AUTHOR=Wang Yulin , Liu Xin , Guan Gefei , Zhao Weijiang , Zhuang Minghua
TITLE=A Risk Classification System With Five-Gene for Survival Prediction of Glioblastoma Patients
JOURNAL=Frontiers in Neurology
VOLUME=10
YEAR=2019
URL=https://www.frontiersin.org/journals/neurology/articles/10.3389/fneur.2019.00745
DOI=10.3389/fneur.2019.00745
ISSN=1664-2295
ABSTRACT=
Objective: Glioblastoma (GBM) is the most common and fatal primary brain tumor in adults. It is necessary to identify novel and effective biomarkers or risk signatures for GBM patients.

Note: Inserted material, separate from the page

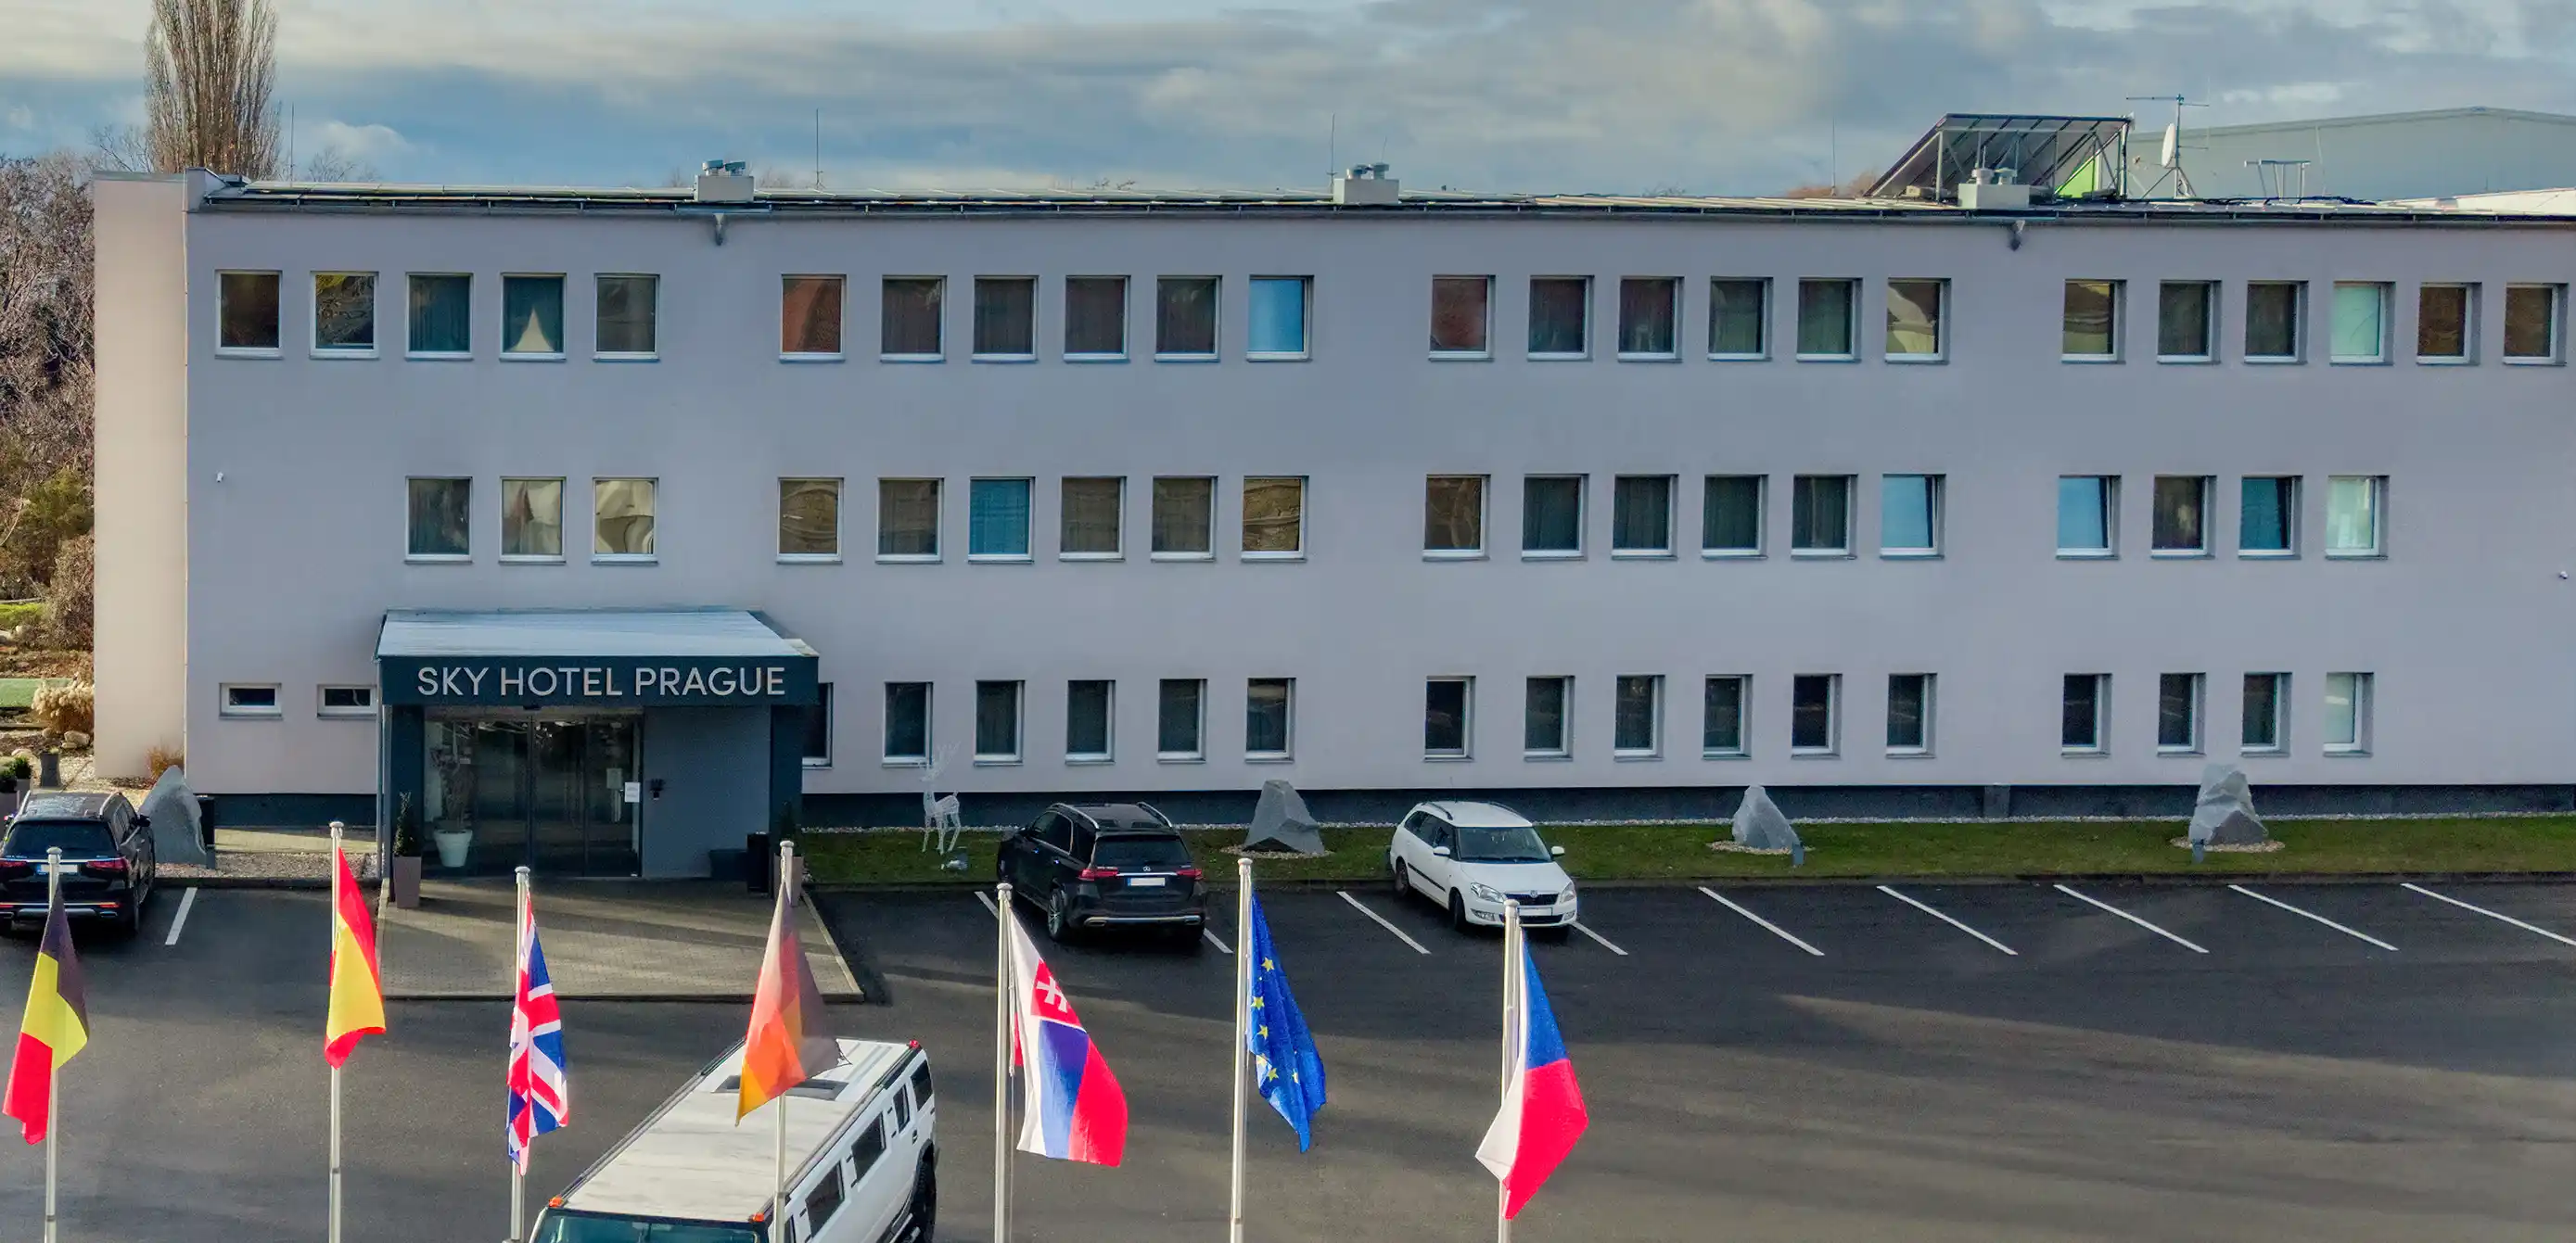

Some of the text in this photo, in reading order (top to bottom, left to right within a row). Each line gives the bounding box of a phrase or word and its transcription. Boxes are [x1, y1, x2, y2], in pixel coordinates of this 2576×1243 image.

[417, 666, 785, 696] SKY HOTEL PRAGUE

Methods: Differentially expressed genes (DEGs) between GBM and low-grade glioma (LGG) in TCGA samples were screened out and weight correlation network analysis (WGCNA) was performed to confirm WHO grade-related genes. Five genes were selected via multivariate Cox proportional hazards regression analysis and were used to construct a risk signature. A nomogram composed of the risk signature and clinical characters (age, radiotherapy, and chemotherapy experience) was established to predict 1, 3, 5-year survival rate for GBM patients.
Results: One hundred ninety-four DEGs in blue gene module were found to be positively related to WHO grade via WGCNA. Five genes (DES, RANBP17, CLEC5A, HOXC11, POSTN) were selected to construct a risk signature for GBM via R language. This risk signature was identified to independently predict the outcome of GBM patients, as well as stratified by IDH1 status, MGMT promoter status, and radio-chemotherapy. The nomogram was established which combined the risk signature with clinical factors. The results of c-index, ROC curve and calibration plot revealed the nomogram showing a good accuracy for predicting 1, 3, or 5-year survival of GBM patients.
Conclusion: The risk signature with five genes could serve as an independent factor for predicting the prognosis of patients with GBM. Moreover, the nomogram with the risk signature and clinical traits proved to perform better for predicting 1, 3, 5-year survival rate.